**What to work on**
Please restate each entry that follows word for word.

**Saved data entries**
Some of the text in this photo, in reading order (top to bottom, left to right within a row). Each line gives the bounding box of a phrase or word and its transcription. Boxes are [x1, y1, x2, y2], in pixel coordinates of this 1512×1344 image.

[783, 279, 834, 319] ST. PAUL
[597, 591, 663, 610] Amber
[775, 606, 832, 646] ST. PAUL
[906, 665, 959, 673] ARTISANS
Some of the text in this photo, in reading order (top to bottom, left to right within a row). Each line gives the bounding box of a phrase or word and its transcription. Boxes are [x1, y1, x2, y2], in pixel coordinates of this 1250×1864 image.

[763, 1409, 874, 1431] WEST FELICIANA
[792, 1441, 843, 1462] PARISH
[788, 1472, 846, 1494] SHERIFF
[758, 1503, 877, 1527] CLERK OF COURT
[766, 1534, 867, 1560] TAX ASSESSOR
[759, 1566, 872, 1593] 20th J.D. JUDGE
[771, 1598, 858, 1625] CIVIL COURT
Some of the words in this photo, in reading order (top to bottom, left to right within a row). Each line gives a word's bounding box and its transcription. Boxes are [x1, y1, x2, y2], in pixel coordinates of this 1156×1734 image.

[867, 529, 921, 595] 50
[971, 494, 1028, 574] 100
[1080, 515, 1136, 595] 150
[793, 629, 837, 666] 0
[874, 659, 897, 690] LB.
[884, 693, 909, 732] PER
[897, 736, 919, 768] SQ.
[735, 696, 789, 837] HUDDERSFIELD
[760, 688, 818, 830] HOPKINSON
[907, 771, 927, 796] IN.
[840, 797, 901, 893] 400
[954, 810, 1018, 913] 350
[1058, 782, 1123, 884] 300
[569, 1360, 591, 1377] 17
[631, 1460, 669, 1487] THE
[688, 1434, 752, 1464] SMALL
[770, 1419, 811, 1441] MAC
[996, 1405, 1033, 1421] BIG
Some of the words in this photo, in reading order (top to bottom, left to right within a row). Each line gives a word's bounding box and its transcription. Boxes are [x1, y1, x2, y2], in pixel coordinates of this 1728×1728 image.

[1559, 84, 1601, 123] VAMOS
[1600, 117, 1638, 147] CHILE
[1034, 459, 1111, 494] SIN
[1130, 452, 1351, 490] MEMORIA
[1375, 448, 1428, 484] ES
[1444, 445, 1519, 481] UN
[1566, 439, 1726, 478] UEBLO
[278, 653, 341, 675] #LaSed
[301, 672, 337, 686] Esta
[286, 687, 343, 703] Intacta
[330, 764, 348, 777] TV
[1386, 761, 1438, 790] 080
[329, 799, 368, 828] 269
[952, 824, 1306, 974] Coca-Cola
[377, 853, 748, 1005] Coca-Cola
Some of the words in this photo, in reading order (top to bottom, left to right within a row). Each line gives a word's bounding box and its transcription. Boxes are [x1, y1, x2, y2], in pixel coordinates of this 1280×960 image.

**Your solution**
Some of the text in this photo, in reading order (top to bottom, left to right within a row). Each line gives the bounding box of a phrase or word and its transcription. Boxes are [x1, y1, x2, y2], in pixel coordinates of this 1512×1344 image.

[783, 279, 834, 319] ST. PAUL
[597, 591, 663, 610] Amber
[775, 606, 832, 646] ST. PAUL
[906, 665, 959, 673] ARTISANS
Some of the text in this photo, in reading order (top to bottom, left to right within a row). Each line gives the bounding box of a phrase or word and its transcription. Boxes are [x1, y1, x2, y2], in pixel coordinates of this 1250×1864 image.

[763, 1409, 874, 1431] WEST FELICIANA
[792, 1441, 843, 1462] PARISH
[788, 1472, 846, 1494] SHERIFF
[758, 1503, 877, 1527] CLERK OF COURT
[766, 1534, 867, 1560] TAX ASSESSOR
[759, 1566, 872, 1593] 20th J.D. JUDGE
[771, 1598, 858, 1625] CIVIL COURT
Some of the words in this photo, in reading order (top to bottom, left to right within a row). Each line gives a word's bounding box and its transcription. Boxes are [x1, y1, x2, y2], in pixel coordinates of this 1156×1734 image.

[867, 529, 921, 595] 50
[971, 494, 1028, 574] 100
[1080, 515, 1136, 595] 150
[793, 629, 837, 666] 0
[874, 659, 897, 690] LB.
[884, 693, 909, 732] PER
[897, 736, 919, 768] SQ.
[735, 696, 789, 837] HUDDERSFIELD
[760, 688, 818, 830] HOPKINSON
[907, 771, 927, 796] IN.
[840, 797, 901, 893] 400
[954, 810, 1018, 913] 350
[1058, 782, 1123, 884] 300
[569, 1360, 591, 1377] 17
[631, 1460, 669, 1487] THE
[688, 1434, 752, 1464] SMALL
[770, 1419, 811, 1441] MAC
[996, 1405, 1033, 1421] BIG
Some of the words in this photo, in reading order (top to bottom, left to right within a row). Each line gives a word's bounding box and its transcription. Boxes are [x1, y1, x2, y2], in pixel coordinates of this 1728×1728 image.

[1559, 84, 1601, 123] VAMOS
[1600, 117, 1638, 147] CHILE
[1034, 459, 1111, 494] SIN
[1130, 452, 1351, 490] MEMORIA
[1375, 448, 1428, 484] ES
[1444, 445, 1519, 481] UN
[1566, 439, 1726, 478] UEBLO
[278, 653, 341, 675] #LaSed
[301, 672, 337, 686] Esta
[286, 687, 343, 703] Intacta
[330, 764, 348, 777] TV
[1386, 761, 1438, 790] 080
[329, 799, 368, 828] 269
[952, 824, 1306, 974] Coca-Cola
[377, 853, 748, 1005] Coca-Cola
Some of the words in this photo, in reading order (top to bottom, left to right within a row). Each line gives a word's bounding box and its transcription. Boxes are [x1, y1, x2, y2], in pixel coordinates of this 1280×960 image.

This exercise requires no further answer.